Longtemps considéré comme le compromis idéal, le cloud hybride montre ses limites. De plus en plus d’entreprises, notamment des PME et ETI, envisagent désormais le grand saut vers un modèle full cloud, portées à la fois par des enjeux de sécurité et par les exigences européennes en matière de souveraineté numérique (RGPD, SecNumCloud…).
Pourquoi le modèle hybride n’est-il pas toujours suffisant ?
Si l’hybridation a modernisé les SI, plusieurs facteurs poussent à dépasser ce stade. Le premier est la sécurité. Maintenir un écosystème hybride sécurisé est un défi colossal pour une PME. « Les PME n’ont souvent ni les ressources, ni les compétences, ni l’infrastructure pour assurer la sécurité de leurs données et garantir une véritable continuité d’activité, explique Laurent Buisson, responsable pôle ERP & BI chez BCSYS. Une cyberattaque est souvent l’élément déclencheur qui pousse une entreprise à basculer l’ERP dans un environnement SaaS sécurisé. »
Le deuxième facteur est la dette technique. Gérer deux mondes implique une double complexité et des coûts élevés. « Il faut des équipes à la fois compétentes sur le on premise et sur le cloud… Ce qui représente un coût souvent trop compliqué à gérer, souligne Allan Mourtialon, architecte des SI chez Calliope.
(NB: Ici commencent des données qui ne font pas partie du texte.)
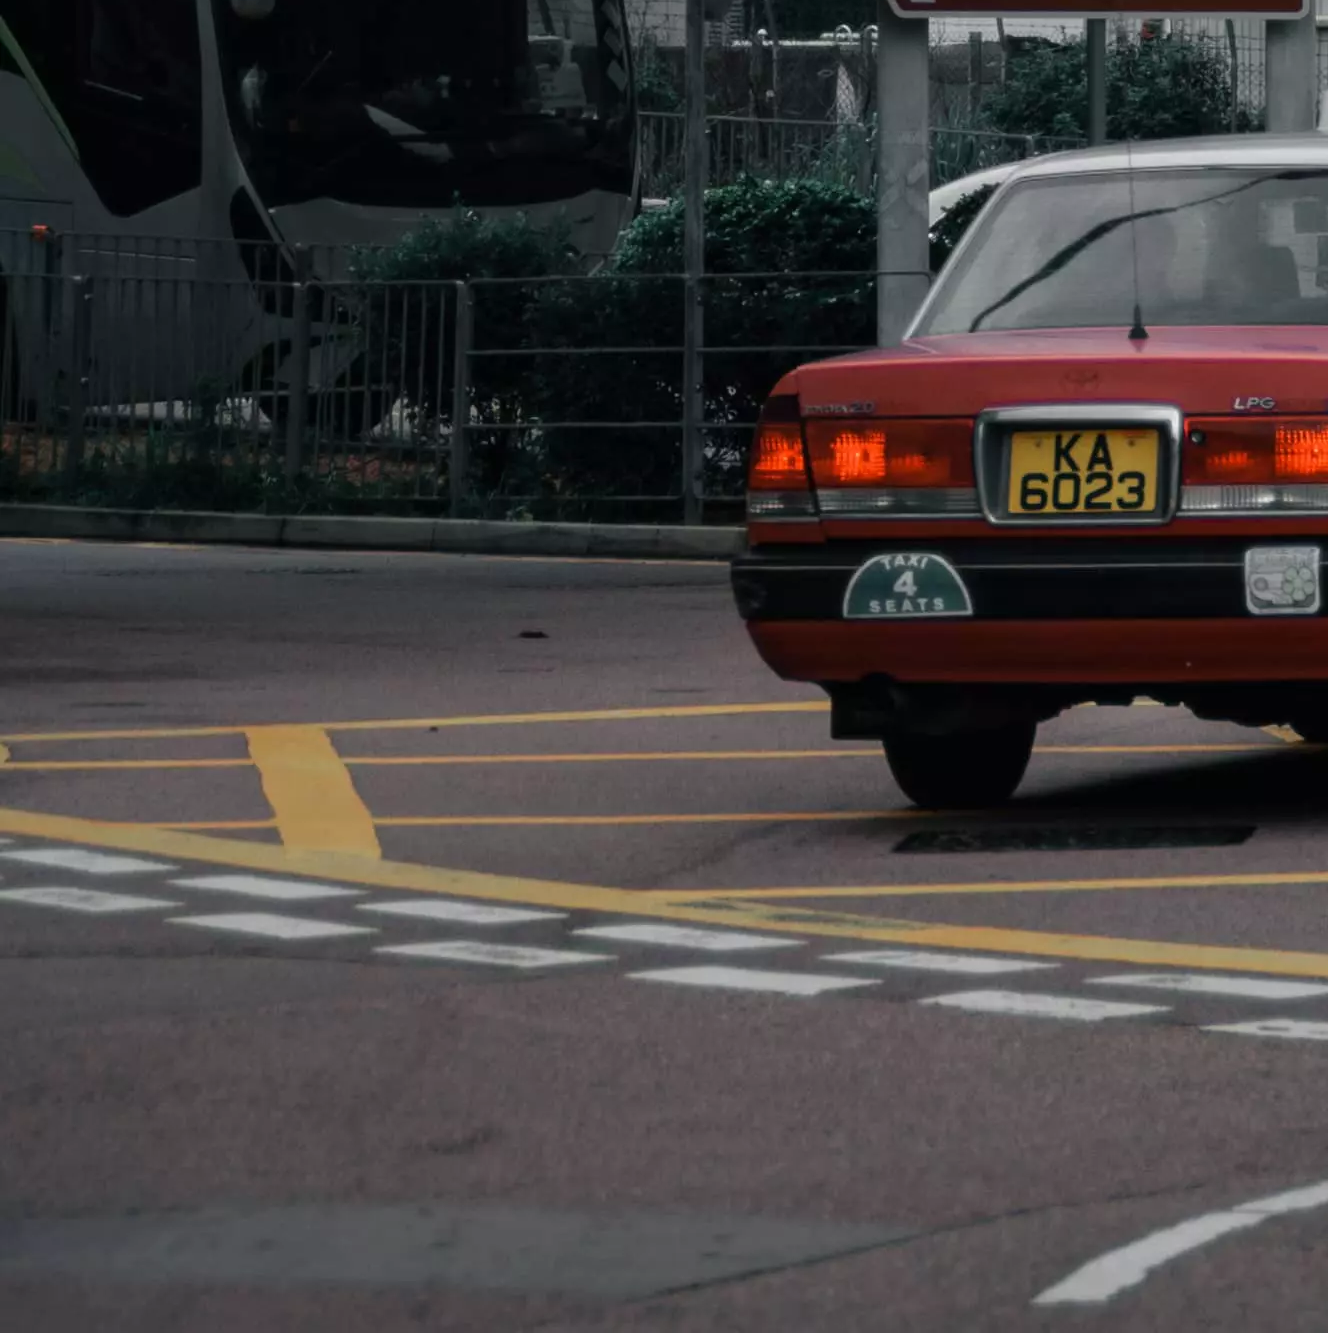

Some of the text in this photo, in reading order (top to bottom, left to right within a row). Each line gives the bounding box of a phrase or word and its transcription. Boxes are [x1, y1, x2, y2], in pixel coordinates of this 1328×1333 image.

De plus, les infrastructures sur site se déprécient rapidement et peinent à supporter les innovations comme l’IA. »
Enfin, la pénurie de talents sur les technologies vieillissantes accélère le mouvement. « Trouver un développeur Cobol relève aujourd’hui du parcours du combattant. Les rares experts facturent leurs services à des tarifs très élevés, indique Thierry Belliard, DSI groupe chez TVH Consulting. Le passage au full cloud permet d’externaliser cette gestion et aux équipes de se recentrer sur des tâches à plus forte valeur ajoutée. »
Quels sont les bénéfices au-delà des coûts ?
Les avantages dépassent le simple cadre financier (Capex VS Opex). Le gain le plus significatif est l’agilité métier. « En SaaS, créer un environnement de test ou une copie de la production se fait en quelques clics. On peut déployer de nouveaux modules ou faire des POC sans mobiliser lourdement les équipes IT », précise Laurent Buisson.
La scalabilité est l’autre atout majeur, offrant une élasticité impossible en interne. « Fini le surdimensionnement coûteux. L’entreprise ne paie que ce qu’elle consomme. Ce modèle économique disruptif rend accessibles des outils puissants à des TPE et permet de concurrencer des acteurs bien plus établis », explique Allan Mourtialon.
Enfin, le full cloud est un catalyseur d’innovation (IA, analyse de données), les solutions SaaS bénéficiant de mises à jour continues. « Au lieu de subir des projets de migration longs, coûteux et risqués l’entreprise profite d’un flux constant d’améliorations et des derniers correctifs de sécurité, sans effort particulier », ajoute Thierry Belliard.
Quels sont les défis de la migration et les réponses des éditeurs ?
Le processus est un défi, surtout avec du legacy. Les éditeurs ont développé des outils de migration progressive. « Il est possible de synchroniser une version on premise récente de l’ERP avec sa version SaaS. La migration se fait en arrière-plan, sans interrompre le travail des utilisateurs », détaille Laurent Buisson. « Pour les systèmes les plus anciens, une approche lift and shift est souvent privilégiée », complète Allan Mourtialon.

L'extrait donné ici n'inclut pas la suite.